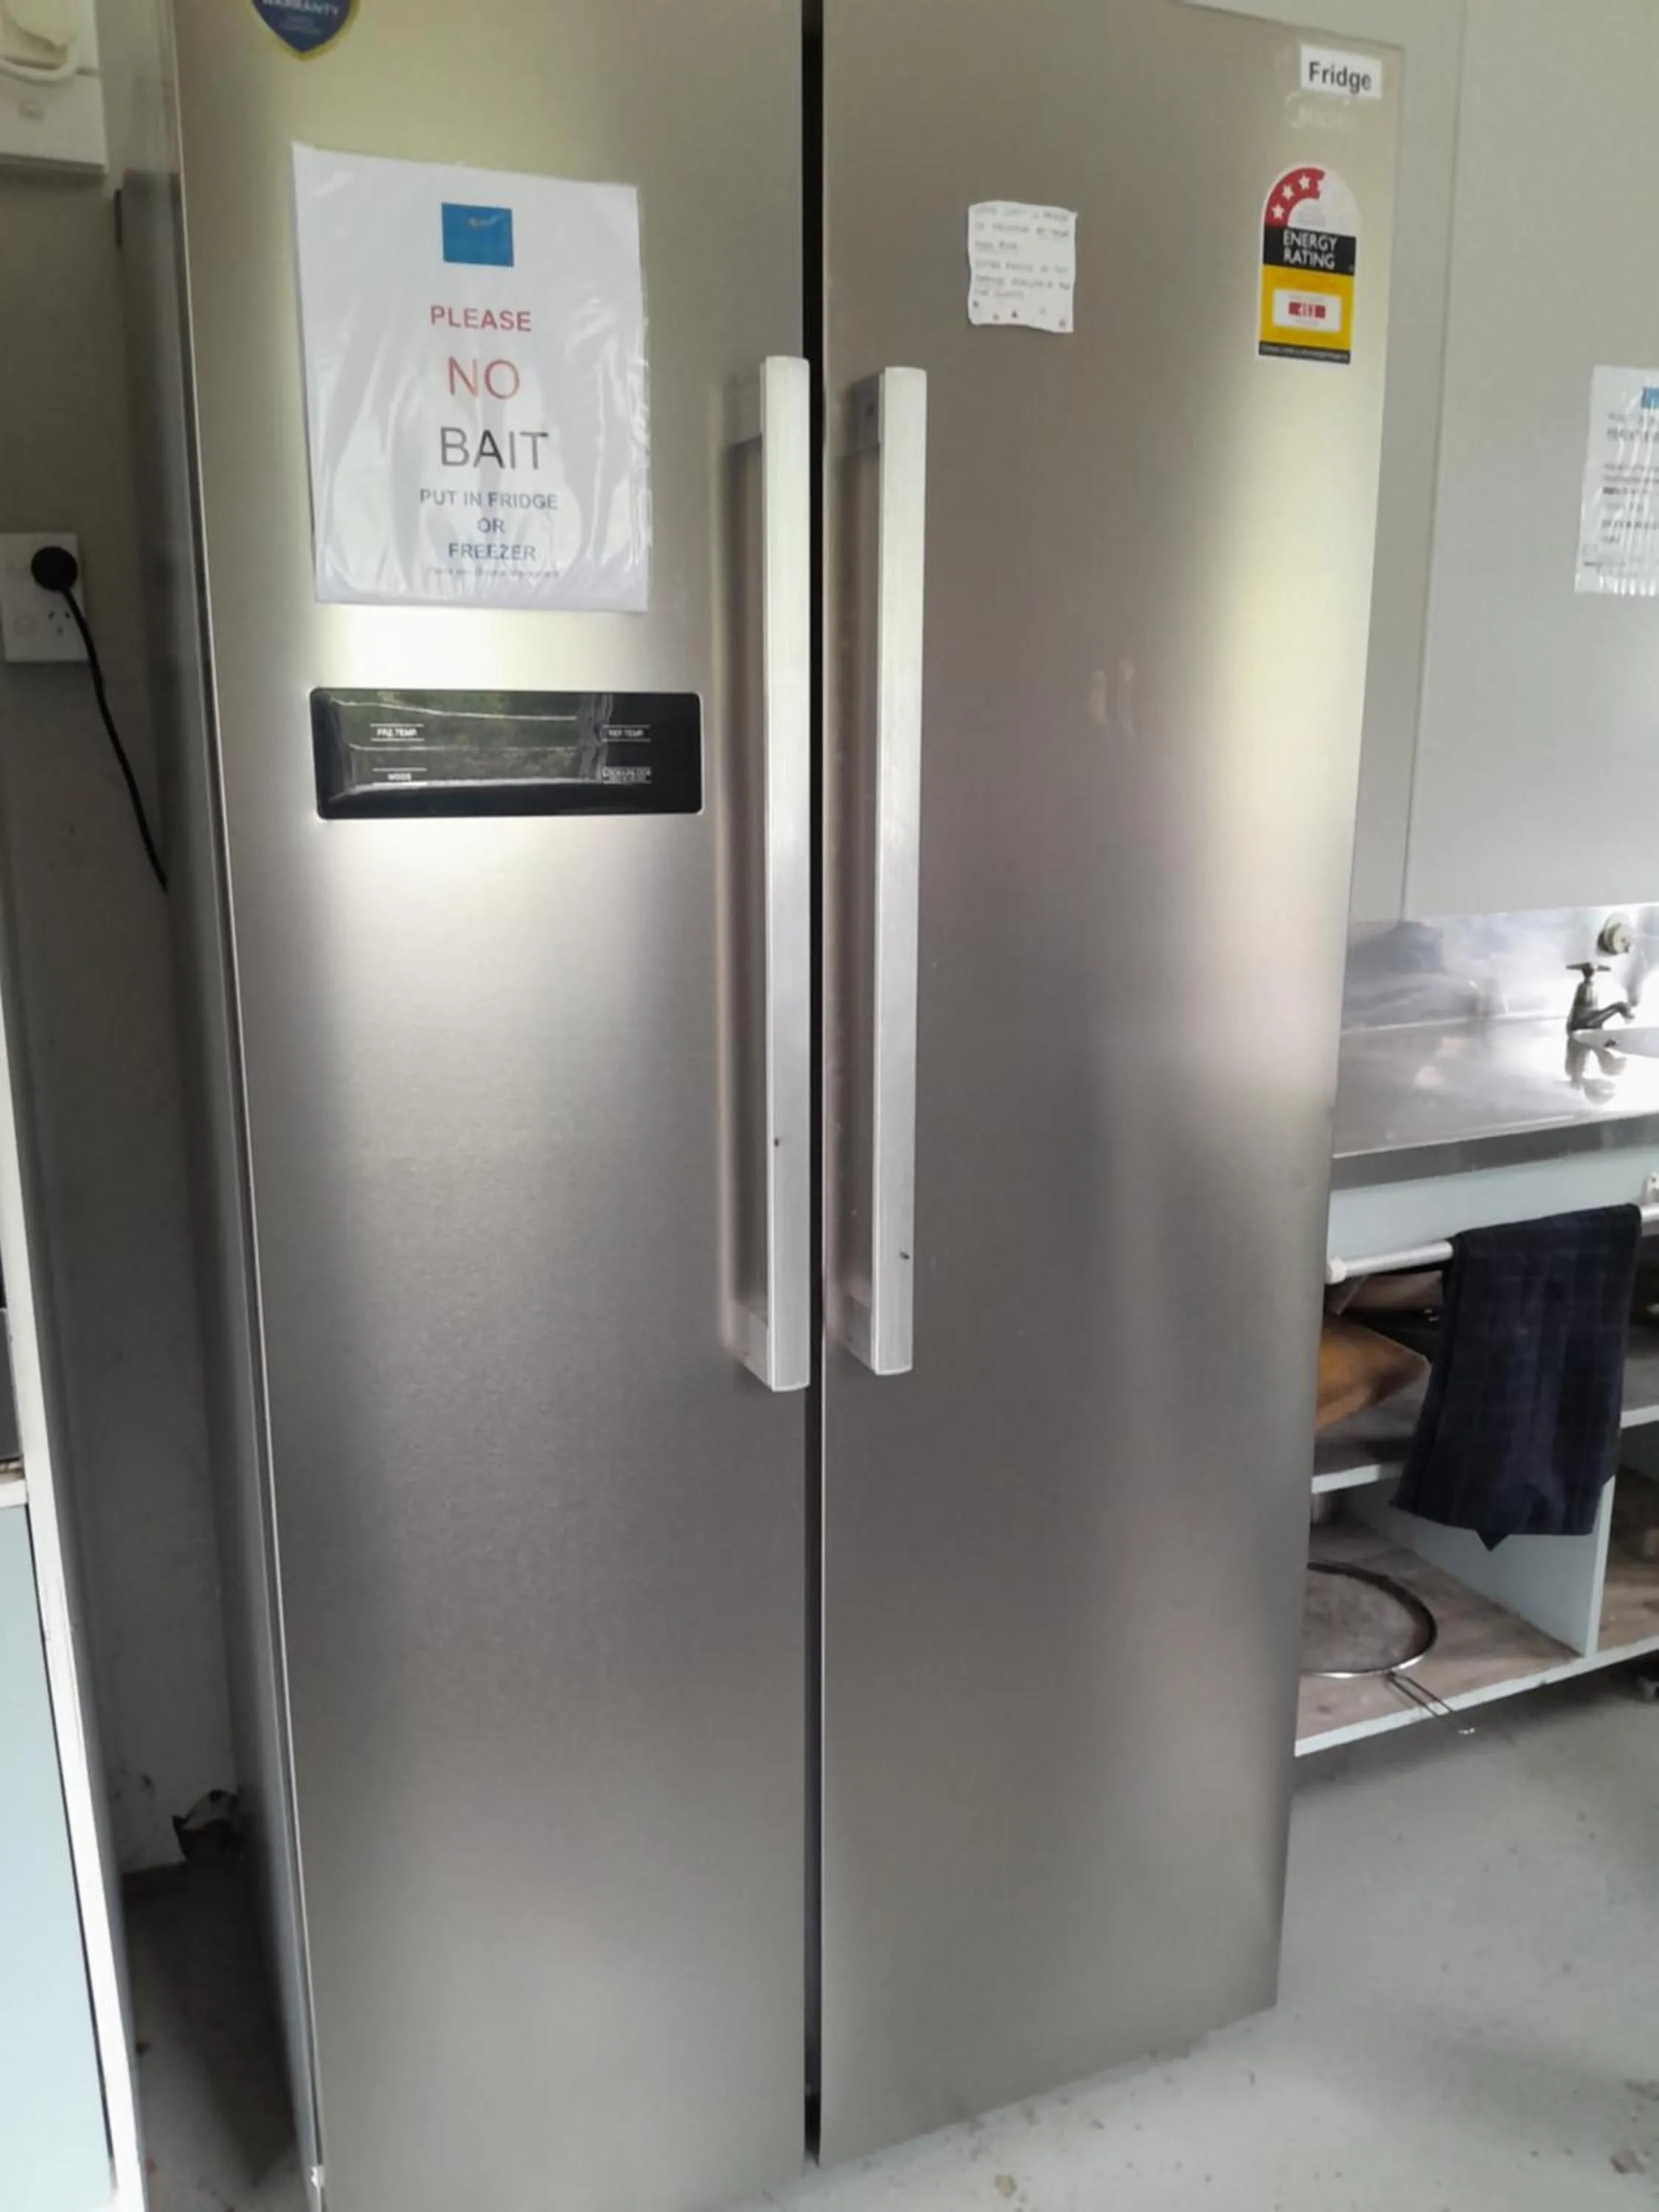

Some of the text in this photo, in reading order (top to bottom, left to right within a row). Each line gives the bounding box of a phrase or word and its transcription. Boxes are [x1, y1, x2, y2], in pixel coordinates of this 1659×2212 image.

[1309, 60, 1371, 94] Fridge
[1284, 229, 1338, 251] ENERGY
[1283, 246, 1336, 270] RATING
[430, 305, 532, 332] PLEASE
[448, 355, 520, 400] NO
[440, 425, 549, 470] BAIT
[419, 488, 558, 510] PUT IN FRIDGE
[477, 517, 505, 533] OR
[448, 542, 537, 561] FREEZER

◆ ◆ ◆

Pictures are not part of the copy; reproduce everything else in the records exactly.

* [Result]:
Some of the text in this photo, in reading order (top to bottom, left to right within a row). Each line gives the bounding box of a phrase or word and its transcription. Boxes are [x1, y1, x2, y2], in pixel coordinates of this 1659×2212 image.

[1309, 60, 1371, 94] Fridge
[1284, 229, 1338, 251] ENERGY
[1283, 246, 1336, 270] RATING
[430, 305, 532, 332] PLEASE
[448, 355, 520, 400] NO
[440, 425, 549, 470] BAIT
[419, 488, 558, 510] PUT IN FRIDGE
[477, 517, 505, 533] OR
[448, 542, 537, 561] FREEZER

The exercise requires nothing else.